Political kite flying in spring
A mug’s view
At the time of typing, Winston Peters was yet to announce who had won New Zealand’s 2017 general election. Doesn’t he realise I have a fortnightly deadline to meet? What happens when something actually happens and I don’t get to include that happening in this week’s happenings? Oh, the outrage.
For three weeks we have waited. First we waited on special votes to be counted. Then we waited on MMPnegotiations. In an instant 24/7 world this has been impossible stuff to endure. Impossible I say. And to think Winston lost his electorate seat and only got 7 per cent of the vote. Did I mention my deadline?
Despite the political emptiness there’s been no a lack of words written or spoken about said emptiness. Intrepid reporters from the press gallery have made camp in the corridors of the Beehive and doggedly interviewed closing elevator doors. And columnists have continued flying political kites. All that’s missing is any sort of wind to keep the kites airborne.
Luckily its spring, and I have plenty of hot air.
Three years ago I said Nick Smith should start his own political party. From memory I said he should join forces with Colin Craig and the Conservative Party. Boy, did he miss a bullet.
It was soft, tongue in cheek stuff pointing toward hard political reality – under the MMPsystem, big parties need little parties to be able to form governments. It’s this hard reality that has dominated the past three weeks Beehive negotiations.
Whatever Winston chooses to do this time, the National Party, the countries biggest and most politically successful, need fresh options to be able to form governments in the future.
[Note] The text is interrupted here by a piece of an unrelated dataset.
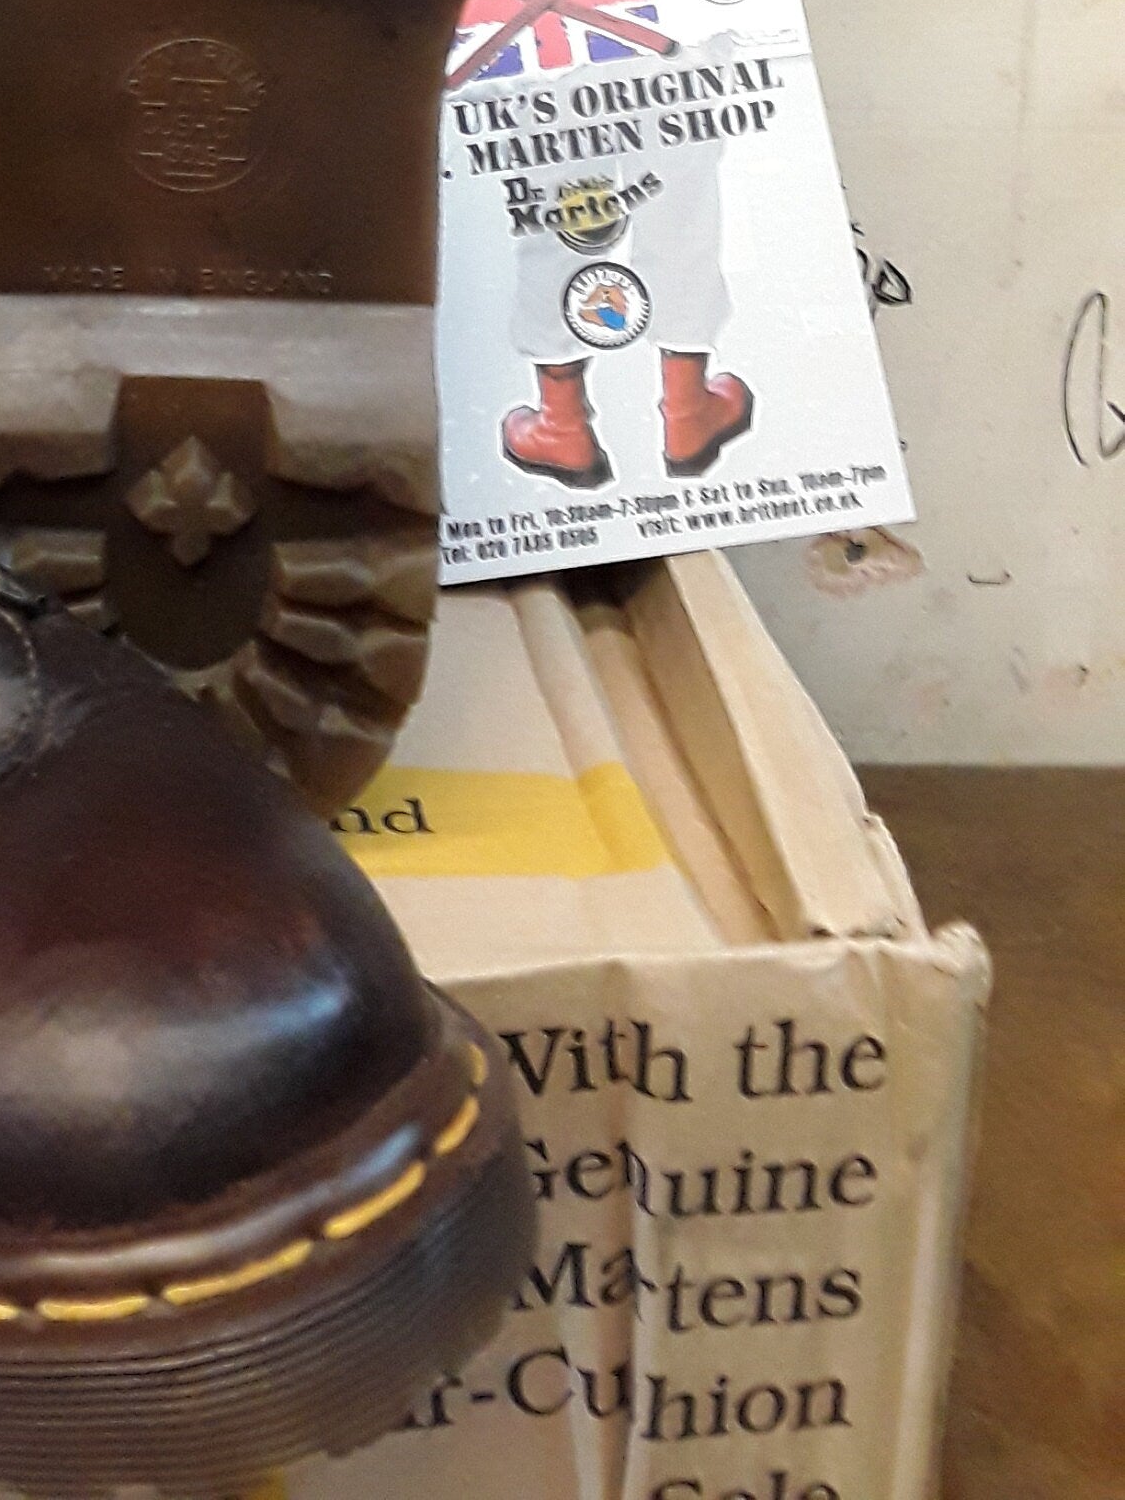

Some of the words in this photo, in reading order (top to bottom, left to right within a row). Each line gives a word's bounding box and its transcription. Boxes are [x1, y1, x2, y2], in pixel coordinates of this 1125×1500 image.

All their other options appear dead. And for the past fortnight that cold-hard reality has been expressed via the kite festival that has been the ‘teal deal’.
It was amazing to see how much a possible political alliance between National and the Greens got talked up. ‘‘Pick up the phone James’’, they said. ‘‘Bill’s just waiting for your call.’’
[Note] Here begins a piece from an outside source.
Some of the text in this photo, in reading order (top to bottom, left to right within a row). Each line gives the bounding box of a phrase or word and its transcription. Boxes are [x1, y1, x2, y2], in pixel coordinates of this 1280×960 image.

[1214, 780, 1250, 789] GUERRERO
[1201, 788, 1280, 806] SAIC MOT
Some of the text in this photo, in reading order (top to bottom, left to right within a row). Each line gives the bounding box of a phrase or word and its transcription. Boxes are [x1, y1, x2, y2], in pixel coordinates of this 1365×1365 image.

It reflected the news vacuum that needed filling. It reflected how the thought of Winston Peters holding all the political cards was so unpalatable. But it also reflected how influential certain voices in New Zealand media are.
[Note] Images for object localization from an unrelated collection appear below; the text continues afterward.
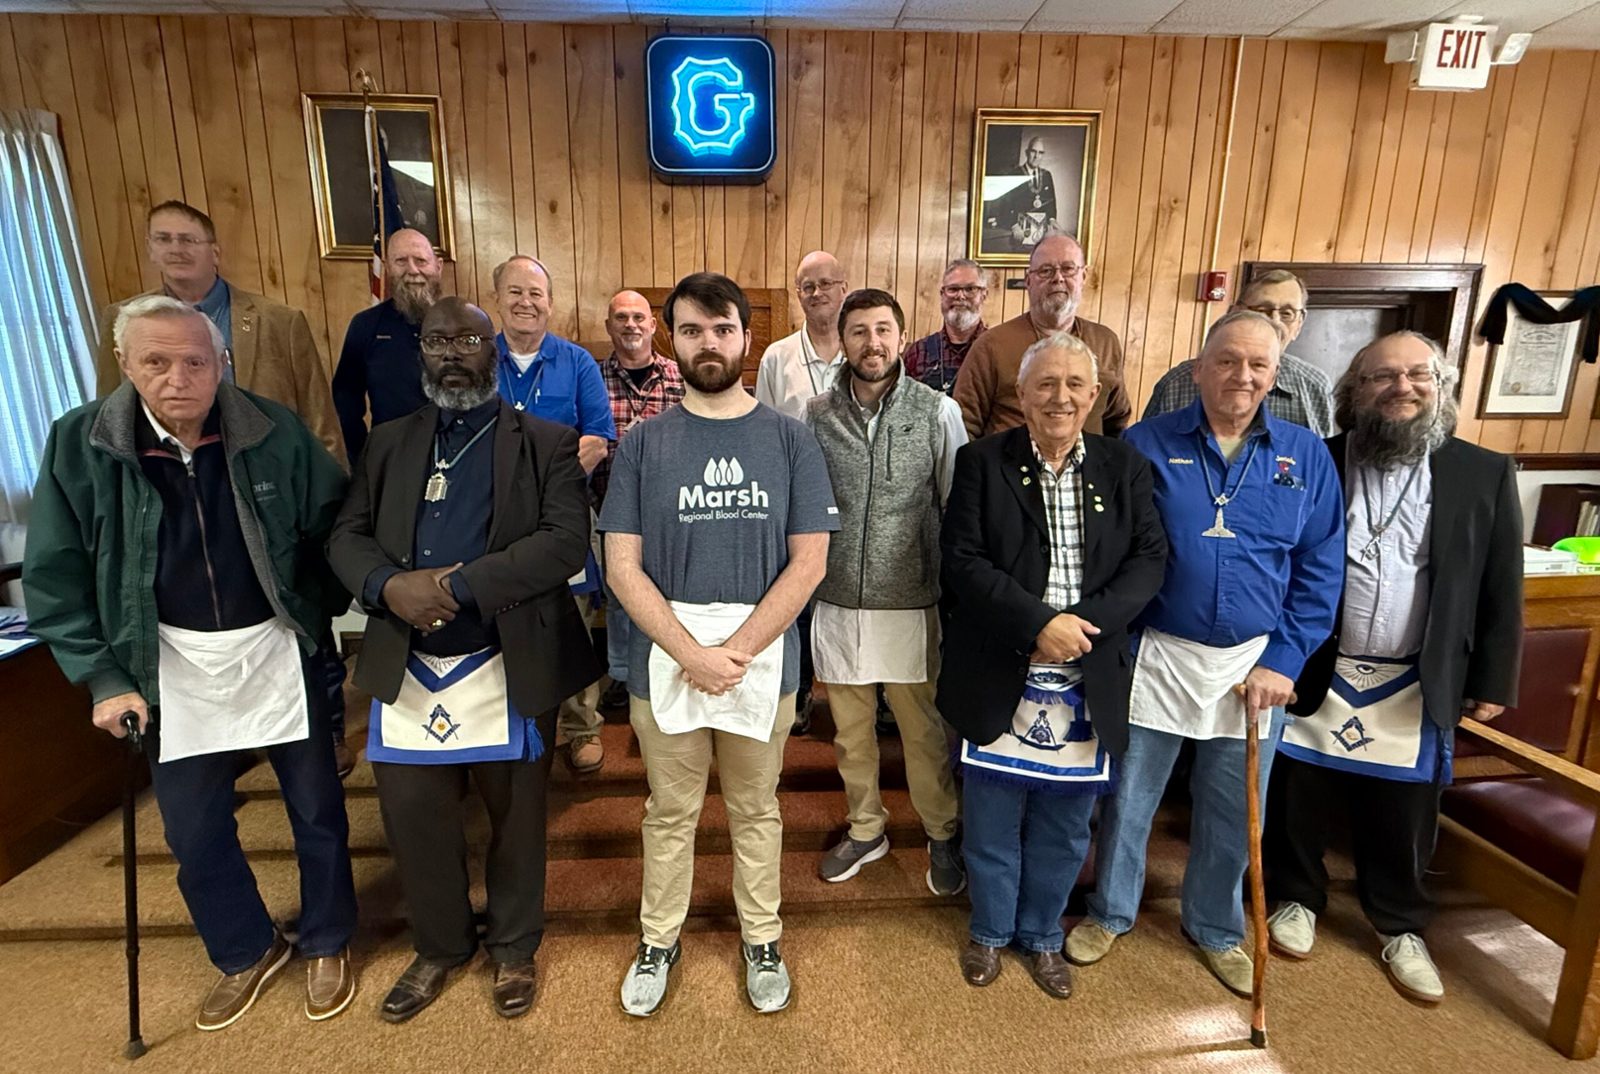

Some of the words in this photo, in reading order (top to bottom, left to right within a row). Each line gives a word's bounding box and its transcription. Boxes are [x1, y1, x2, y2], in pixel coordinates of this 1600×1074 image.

[1436, 29, 1487, 69] EXIT
[671, 56, 755, 156] G
[678, 481, 769, 510] Marsh
[678, 510, 714, 523] Regional
[715, 508, 739, 520] Blood
[741, 509, 769, 520] Center
It simply didn’t seem to matter that the idea – the Greens joining hands with National to form a government – was batty. There was an agenda to push and push they did, even if no pushing was required.
Nobody summed it up better than Stuff’s Vernon Small: ‘‘Lets forget that for 9 years, and more, National have been using the Greens as the bogey men of politics; one of the main reasons people should not vote Labour.’’
‘‘Lets forget that in National folklore [the Greens] have been dope-smoking, RMA-hugging, farmer taxing, welfare-enabling, SIS-dismantling, Iraq-deploymentloathing, Hagar-loving, cowculling, mining-denying, climate change-obsessive, growth-curbing, railroading, motorway-rejecting, anti-free trade peaceniks. And not very bright or realistic either.’’
James Shaw (Mr 6 per cent) phone Bill English (Mr 44 per cent) and cut a deal? You have got to be joking. As it stands, the relationship between National and the Greens is toxic.
The very platforms the two parties stand on are built on the rubble of undermining each other. Both parties would need to compromise hugely and fundamentally if they were to form a coalition. They would need to completely rebuild the very ground their parties and supporters stand on.
All of which makes me think a new political party will be floated soon. And once again I reckon the electorate seat of Nelson could/ should/would be the place to start.
The National Party are on the wrong side of environmental science and it’s a science that is fast going to flood them. Climate change and water quality are only going to become bigger issues, not smaller. Free market thinking does not fit neatly into any of this stuff.
A ‘Teal-Deal’ with an environmental political party would allow them to make that pivot. But it would be far easier to start up an entirely new political party than do the hard yards with the Green Party and make that political partnership acceptable.
Establishing an all new ‘Teal Party’ would have the added bonus of white-anting the Green Party by looking to take over the very issues the Greens might feel they have ownership of – issues that are increasingly mainstream and acceptable – while at the same time distancing themselves from the wider social issues pushed by the Green Party – issues that to date, continue to be less accepted, especially by National Party supporters.
Think of it as open heart surgery of a political party. Take the heart and leave the morals to those who think politics isn’t simply a game of winners and losers. Too cynical you say?
There are votes in it as the past fortnight of kite flying has shown. I expect there are already polling numbers to back it up. Now there’s also plenty of column-inches ploughed into the soil about it. Something is sure to sprout from all this fertile ground.
Anyone know of an electorate seat with a strong vote for both National and the Greens? Or a Blue-Green history? Teal even?
There’s plenty of hot air in the political scene at the moment as we wait for a decision on who will govern the country.